王子製紙、ピラシカバ社を100%子会社化
王子製紙は9月22日、ブラジル・サンパウロ市にある感熱紙およびノーカーボン紙製造のピラシカバ インダストリア デ パペイス エスペシアイス イパルティシィパソニス有限会社の株式100%を取得し、子会社化することを決議したと発表した。29日には株式の引渡しを受けて社名を「王子 パペイス エスペシアイス有限会社」に変更した。
ピラシカバ社は王子製紙が1989年から感熱紙およびノーカーボン紙の技術を供与している同国のフィブリアセルロース社のピラシカバ工場が前身。

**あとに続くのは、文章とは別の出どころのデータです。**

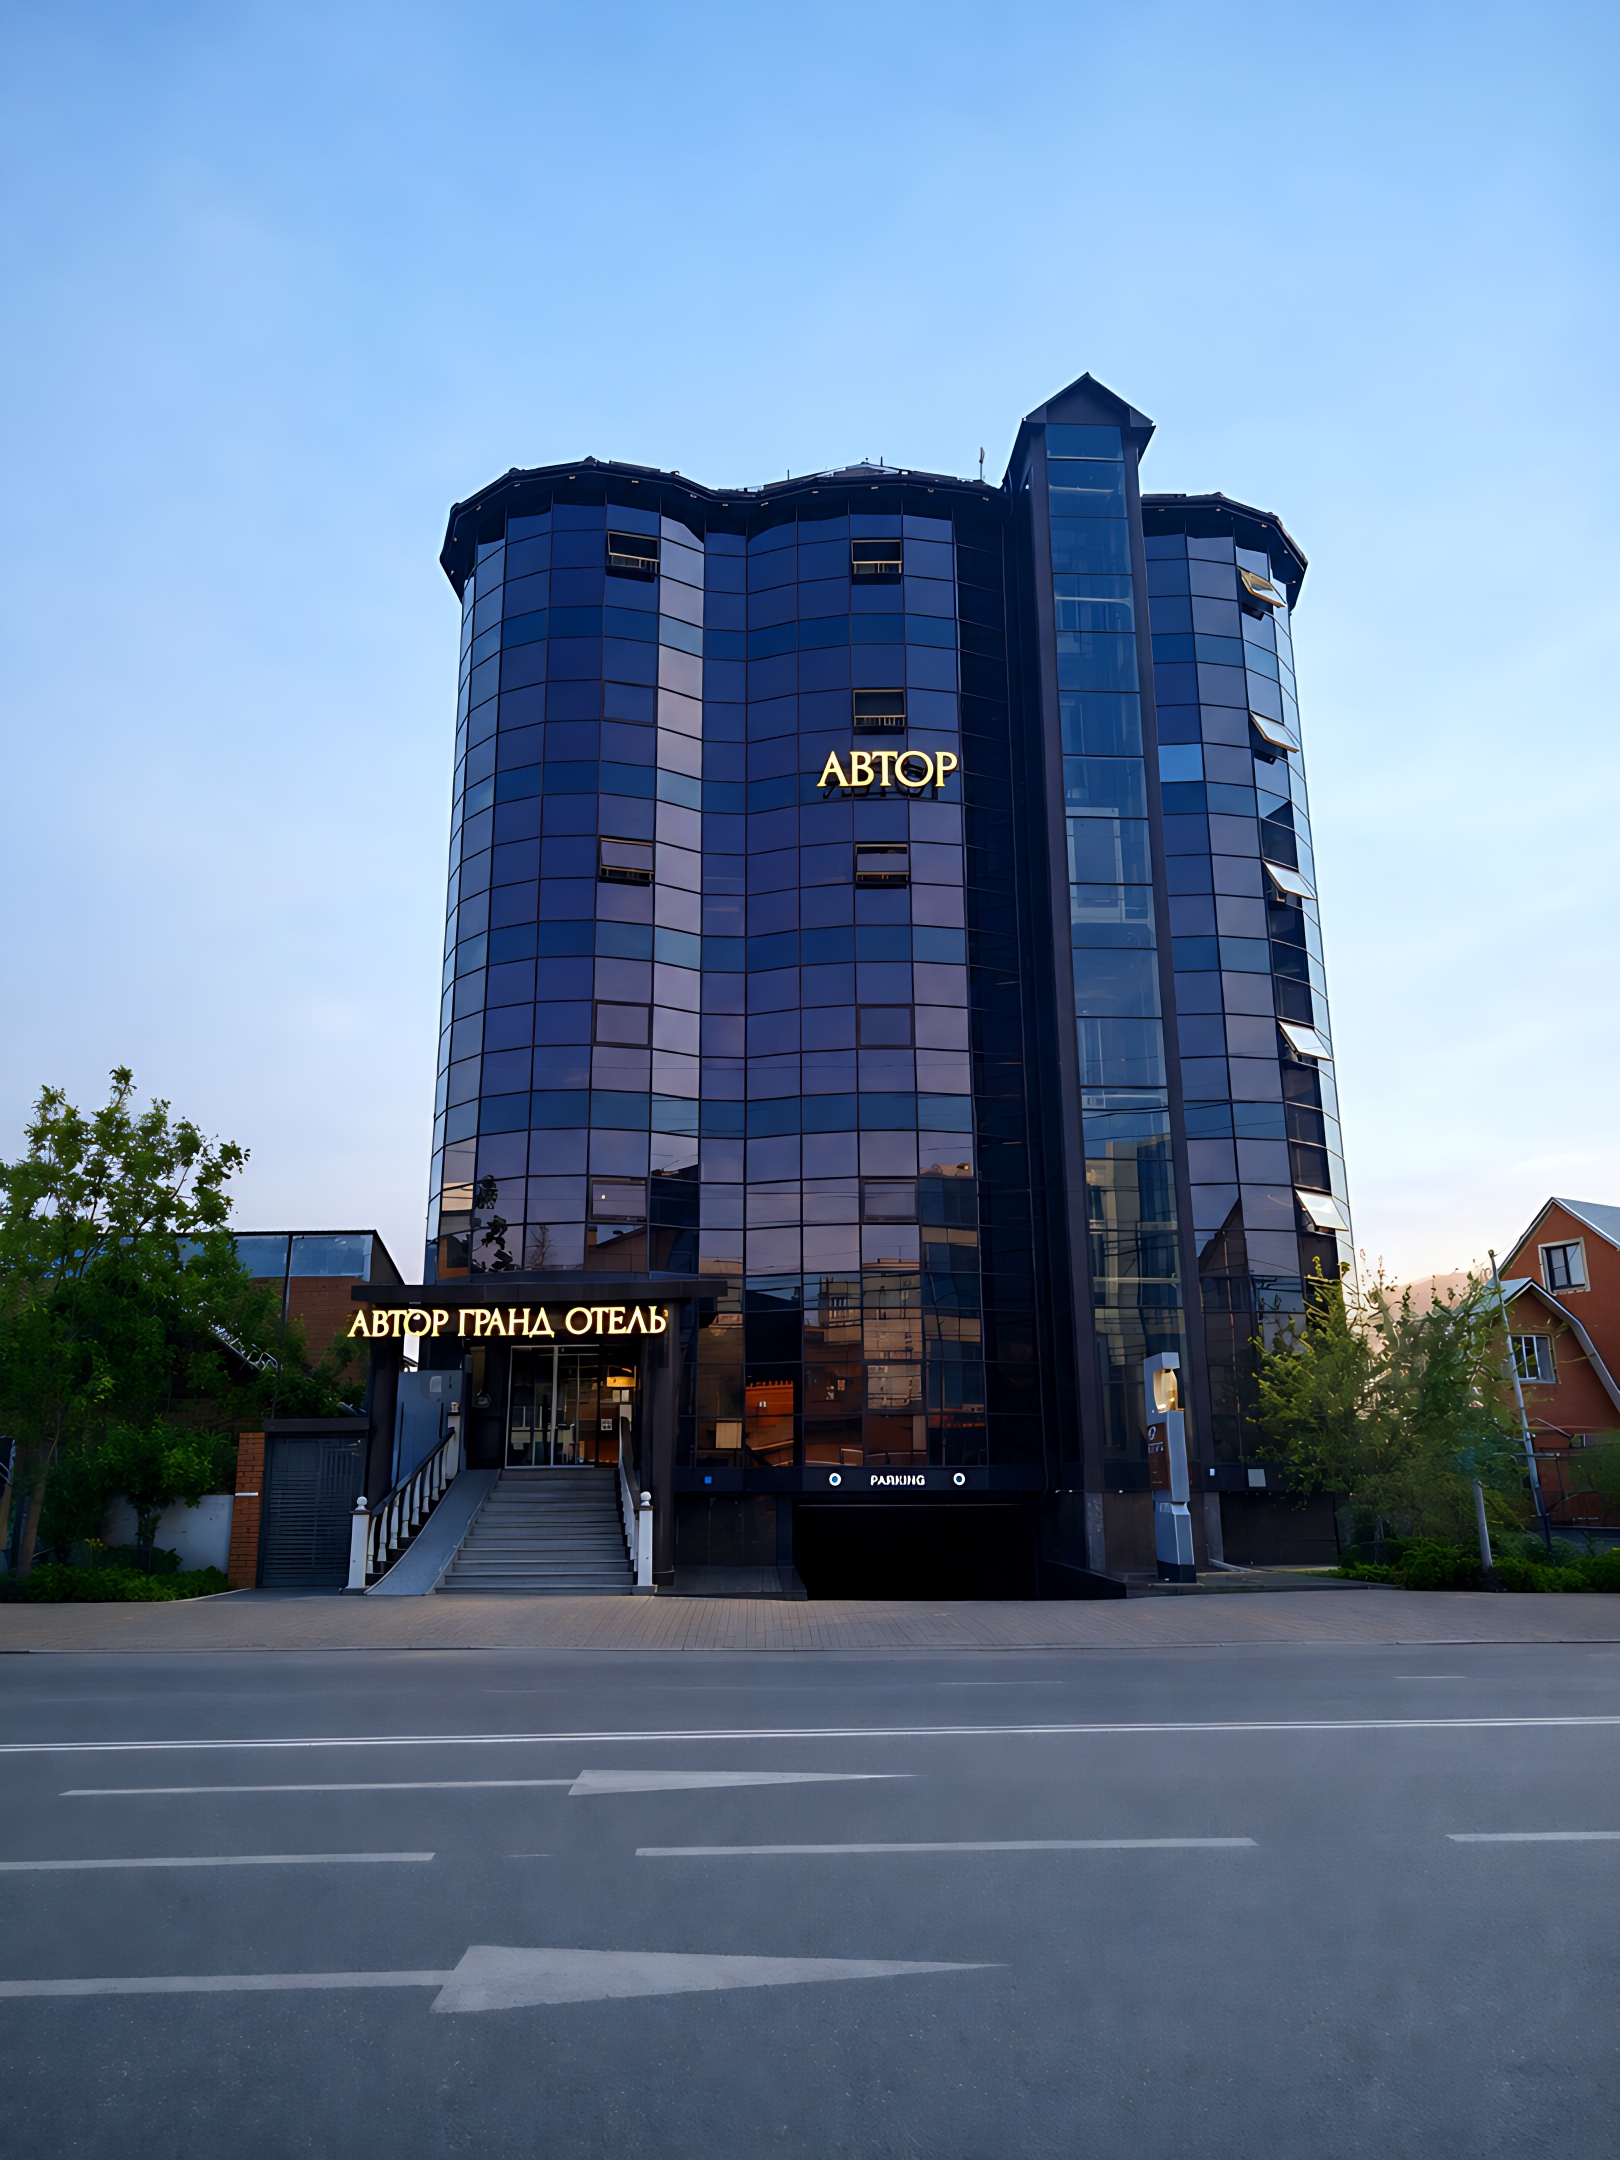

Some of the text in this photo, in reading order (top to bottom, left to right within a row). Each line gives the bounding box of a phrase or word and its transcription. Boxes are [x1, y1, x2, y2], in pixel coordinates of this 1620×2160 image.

[816, 750, 958, 788] АВТОР
[347, 1305, 668, 1338] АВТОР ГРАНД ОТЕЛЬ
[870, 1474, 926, 1486] PARKING

フィブリアセルロース社の感熱紙、ノーカーボン用紙の製造販売の拠点として年間約12万トン(2010年実績)を生産している。同工場の事業を3億1300万米ドル(約240億円)で王子製紙が買収することでこの8月に両社が合意、売買条件覚書を締結し、9月1日に有限会社として設立していた。
王子製紙は感熱紙、インクジェット用紙、ノーカーボン紙、粘着紙などの事業をイメージングメディア関連事業としてグループ展開。国内では神崎、日南の両工場、海外ではタイにOPT、OLTの2社、中国に王子特殊紙上海、ドイツにKANZAN、アメリカにKSPの各社を展開している。今回の南米での持分取得により、「グループのイメージングメディア事業はより一層のグローバル化を図れる」としている。